CLEVELAND — It’s about a 50-minute drive from Kent State’s campus to Rocket Arena. Maybe it takes an hour depending on what traffic is like on I-480.
Still, considering some of the distances traveled to get to the 2026 NCAA Division I Wrestling Championships, what the Golden Flashes’ two qualifiers —165-pound junior Chris Earnest and 197-pound senior Blake Schaffer — had to endure to get there was about the equivalent of just crossing the street.

That it’s both wrestlers’ NCAA debuts only adds to the special nature of the moment.
“Think it means a lot to me and Chris because we’ve both grown up wrestling in Northeast Ohio,” Schaffer told the Beacon Journal after a workout inside Rocket Arena. “And the main goal that we have for Kent State is to get a lot of Northeast Ohio hammers. And by us two representing, saying you can do it from Ohio, you go to a local school and we’re wrestling for the NCAA title in our backyard. So I think it’s awesome.”

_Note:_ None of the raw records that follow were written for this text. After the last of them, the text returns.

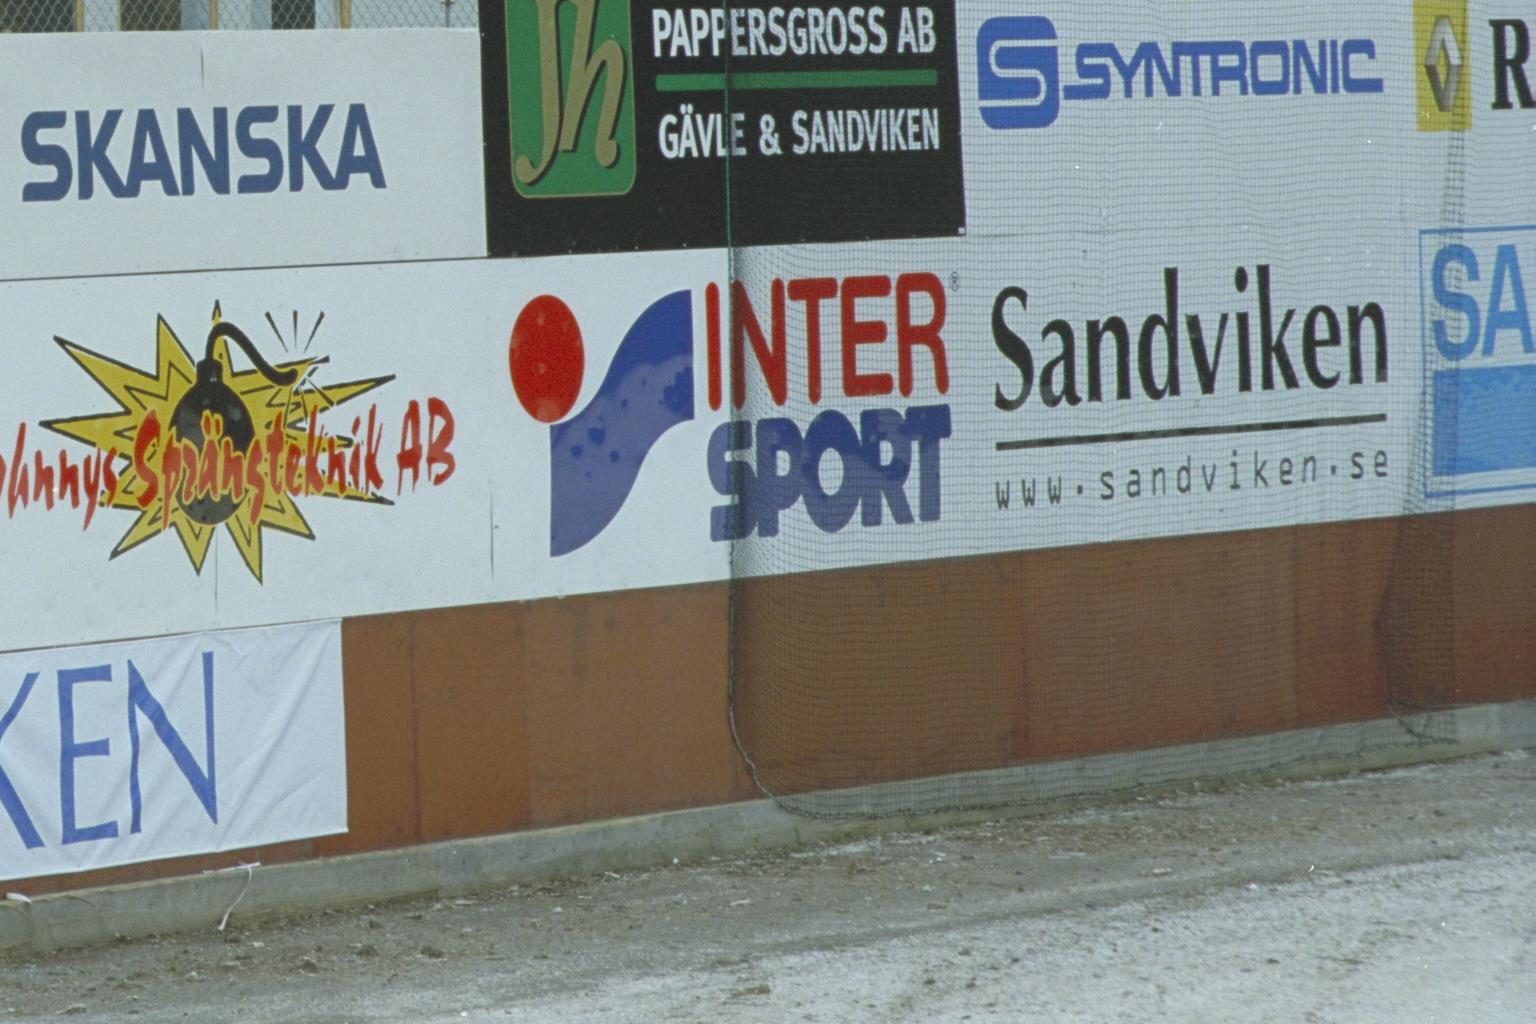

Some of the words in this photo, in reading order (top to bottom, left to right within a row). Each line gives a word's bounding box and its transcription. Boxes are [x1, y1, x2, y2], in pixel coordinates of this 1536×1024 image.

[652, 7, 887, 57] PAPPERSGROSS
[898, 7, 935, 53] AB
[1064, 39, 1383, 100] SYNTRONIC
[21, 103, 387, 202] SKANSKA
[658, 105, 746, 159] GÄVLE
[760, 112, 781, 155] &
[792, 108, 940, 153] SANDVIKEN
[705, 272, 949, 411] INTER
[991, 264, 1388, 412] Sandviken
[395, 397, 455, 496] AB
[707, 404, 951, 542] SPORT
[997, 449, 1388, 510] www.sandviken.se
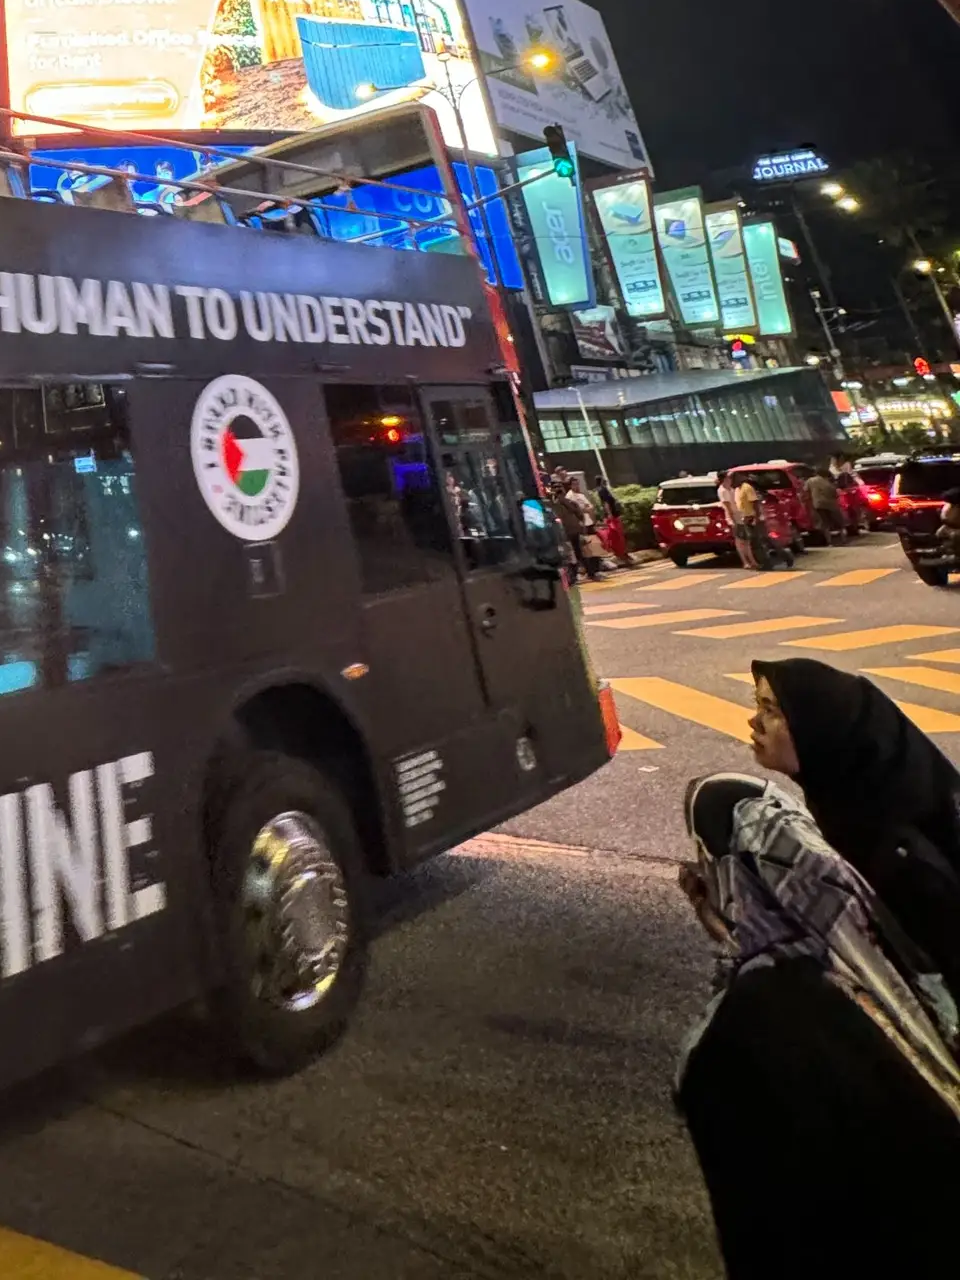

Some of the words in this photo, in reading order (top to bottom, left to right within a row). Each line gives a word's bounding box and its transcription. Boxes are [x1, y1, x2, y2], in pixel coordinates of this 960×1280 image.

[753, 158, 829, 180] JOURNAL
[542, 200, 575, 265] acer
[176, 284, 238, 342] TO

It’s not just that Earnest and Schaffer are wrestling for a Northeast Ohio college. They’re also representing Northeast Ohio communities.
Earnest, who transferred this season after two years at Campbell University, grew up in Wadsworth, where he was a high school state champion as a junior. Schaffer originally was from Green — where he placed seventh as a junior in high school — before he went to Louisville for his senior season, helping the Leopards win the Division II state duals championship and placing third individually at the state tournament.
It was then, when they were still in youth or high school wrestling competing against some of the nation’s best talent at that level, that the pair’s journey to the NCAA tournament began.
“I mean, just talking to a couple of my teammates here at Kent State, I know my one teammate, he would go up, he lived in New Mexico,” Earnest told the Beacon Journal. “He would go travel up to Colorado just to go train for like a week or so.
“So maybe for me and Blake, we go travel 10, 20 minutes and we’re at one of the highest level clubs in Ohio. This is one of the hotspots for wrestling in all over the US, so it’s incredible.”
That’s the mission coach Josh Moore brought with him to Kent State when he was hired in 2025. He essentially made the reverse of the journey his two wrestlers made this week, going from Cleveland State University after the school shuttered its own wrestling program as part of budgetary cuts.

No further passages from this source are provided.